### Information shown

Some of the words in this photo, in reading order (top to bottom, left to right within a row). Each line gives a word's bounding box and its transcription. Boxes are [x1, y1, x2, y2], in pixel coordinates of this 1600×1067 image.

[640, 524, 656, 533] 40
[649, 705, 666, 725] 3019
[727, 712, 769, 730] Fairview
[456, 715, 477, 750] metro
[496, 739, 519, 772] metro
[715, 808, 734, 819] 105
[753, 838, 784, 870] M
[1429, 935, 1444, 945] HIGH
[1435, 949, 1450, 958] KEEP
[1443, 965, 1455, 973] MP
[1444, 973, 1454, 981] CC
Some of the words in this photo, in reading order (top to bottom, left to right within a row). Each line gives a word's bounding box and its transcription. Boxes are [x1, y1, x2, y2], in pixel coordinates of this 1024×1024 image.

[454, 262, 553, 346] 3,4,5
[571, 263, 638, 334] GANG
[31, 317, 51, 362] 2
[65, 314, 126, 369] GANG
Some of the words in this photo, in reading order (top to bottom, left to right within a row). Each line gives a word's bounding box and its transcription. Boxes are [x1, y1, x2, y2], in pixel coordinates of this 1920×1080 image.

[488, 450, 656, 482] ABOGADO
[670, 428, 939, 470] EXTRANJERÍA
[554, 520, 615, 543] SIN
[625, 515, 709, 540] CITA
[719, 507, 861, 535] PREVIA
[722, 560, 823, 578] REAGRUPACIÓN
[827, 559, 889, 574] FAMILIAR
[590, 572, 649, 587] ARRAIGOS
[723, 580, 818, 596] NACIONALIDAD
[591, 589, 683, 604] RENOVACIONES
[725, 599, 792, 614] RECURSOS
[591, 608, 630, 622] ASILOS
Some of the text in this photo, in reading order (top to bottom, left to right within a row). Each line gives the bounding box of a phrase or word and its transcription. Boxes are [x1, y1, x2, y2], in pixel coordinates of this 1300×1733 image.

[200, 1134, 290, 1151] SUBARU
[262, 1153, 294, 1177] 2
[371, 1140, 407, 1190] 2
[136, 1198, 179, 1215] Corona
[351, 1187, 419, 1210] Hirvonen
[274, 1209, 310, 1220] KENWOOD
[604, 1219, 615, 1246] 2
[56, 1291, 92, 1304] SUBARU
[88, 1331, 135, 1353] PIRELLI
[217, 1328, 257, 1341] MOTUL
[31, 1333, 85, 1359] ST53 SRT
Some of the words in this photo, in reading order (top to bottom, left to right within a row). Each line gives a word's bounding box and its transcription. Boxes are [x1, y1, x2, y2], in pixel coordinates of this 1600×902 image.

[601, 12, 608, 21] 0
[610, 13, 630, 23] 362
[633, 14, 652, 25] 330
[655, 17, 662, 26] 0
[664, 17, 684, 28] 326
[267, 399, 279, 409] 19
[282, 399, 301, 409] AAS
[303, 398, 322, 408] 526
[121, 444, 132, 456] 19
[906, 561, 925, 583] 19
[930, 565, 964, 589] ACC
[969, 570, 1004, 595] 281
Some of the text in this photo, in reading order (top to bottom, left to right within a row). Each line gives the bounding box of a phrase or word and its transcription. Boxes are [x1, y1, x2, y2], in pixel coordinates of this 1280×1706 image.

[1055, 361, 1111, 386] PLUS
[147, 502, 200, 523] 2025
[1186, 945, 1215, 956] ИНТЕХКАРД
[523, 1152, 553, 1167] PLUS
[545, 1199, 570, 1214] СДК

### Task
The whole listing, restated word for word, is the expected answer.

### Exercise result
Some of the words in this photo, in reading order (top to bottom, left to right within a row). Each line gives a word's bounding box and its transcription. Boxes are [x1, y1, x2, y2], in pixel coordinates of this 1600×1067 image.

[640, 524, 656, 533] 40
[649, 705, 666, 725] 3019
[727, 712, 769, 730] Fairview
[456, 715, 477, 750] metro
[496, 739, 519, 772] metro
[715, 808, 734, 819] 105
[753, 838, 784, 870] M
[1429, 935, 1444, 945] HIGH
[1435, 949, 1450, 958] KEEP
[1443, 965, 1455, 973] MP
[1444, 973, 1454, 981] CC
Some of the words in this photo, in reading order (top to bottom, left to right within a row). Each line gives a word's bounding box and its transcription. Boxes are [x1, y1, x2, y2], in pixel coordinates of this 1024×1024 image.

[454, 262, 553, 346] 3,4,5
[571, 263, 638, 334] GANG
[31, 317, 51, 362] 2
[65, 314, 126, 369] GANG
Some of the words in this photo, in reading order (top to bottom, left to right within a row). Each line gives a word's bounding box and its transcription. Boxes are [x1, y1, x2, y2], in pixel coordinates of this 1920×1080 image.

[488, 450, 656, 482] ABOGADO
[670, 428, 939, 470] EXTRANJERÍA
[554, 520, 615, 543] SIN
[625, 515, 709, 540] CITA
[719, 507, 861, 535] PREVIA
[722, 560, 823, 578] REAGRUPACIÓN
[827, 559, 889, 574] FAMILIAR
[590, 572, 649, 587] ARRAIGOS
[723, 580, 818, 596] NACIONALIDAD
[591, 589, 683, 604] RENOVACIONES
[725, 599, 792, 614] RECURSOS
[591, 608, 630, 622] ASILOS
Some of the text in this photo, in reading order (top to bottom, left to right within a row). Each line gives the bounding box of a phrase or word and its transcription. Boxes are [x1, y1, x2, y2], in pixel coordinates of this 1300×1733 image.

[200, 1134, 290, 1151] SUBARU
[262, 1153, 294, 1177] 2
[371, 1140, 407, 1190] 2
[136, 1198, 179, 1215] Corona
[351, 1187, 419, 1210] Hirvonen
[274, 1209, 310, 1220] KENWOOD
[604, 1219, 615, 1246] 2
[56, 1291, 92, 1304] SUBARU
[88, 1331, 135, 1353] PIRELLI
[217, 1328, 257, 1341] MOTUL
[31, 1333, 85, 1359] ST53 SRT
Some of the words in this photo, in reading order (top to bottom, left to right within a row). Each line gives a word's bounding box and its transcription. Boxes are [x1, y1, x2, y2], in pixel coordinates of this 1600×902 image.

[601, 12, 608, 21] 0
[610, 13, 630, 23] 362
[633, 14, 652, 25] 330
[655, 17, 662, 26] 0
[664, 17, 684, 28] 326
[267, 399, 279, 409] 19
[282, 399, 301, 409] AAS
[303, 398, 322, 408] 526
[121, 444, 132, 456] 19
[906, 561, 925, 583] 19
[930, 565, 964, 589] ACC
[969, 570, 1004, 595] 281
Some of the text in this photo, in reading order (top to bottom, left to right within a row). Each line gives the bounding box of a phrase or word and its transcription. Boxes are [x1, y1, x2, y2], in pixel coordinates of this 1280×1706 image.

[1055, 361, 1111, 386] PLUS
[147, 502, 200, 523] 2025
[1186, 945, 1215, 956] ИНТЕХКАРД
[523, 1152, 553, 1167] PLUS
[545, 1199, 570, 1214] СДК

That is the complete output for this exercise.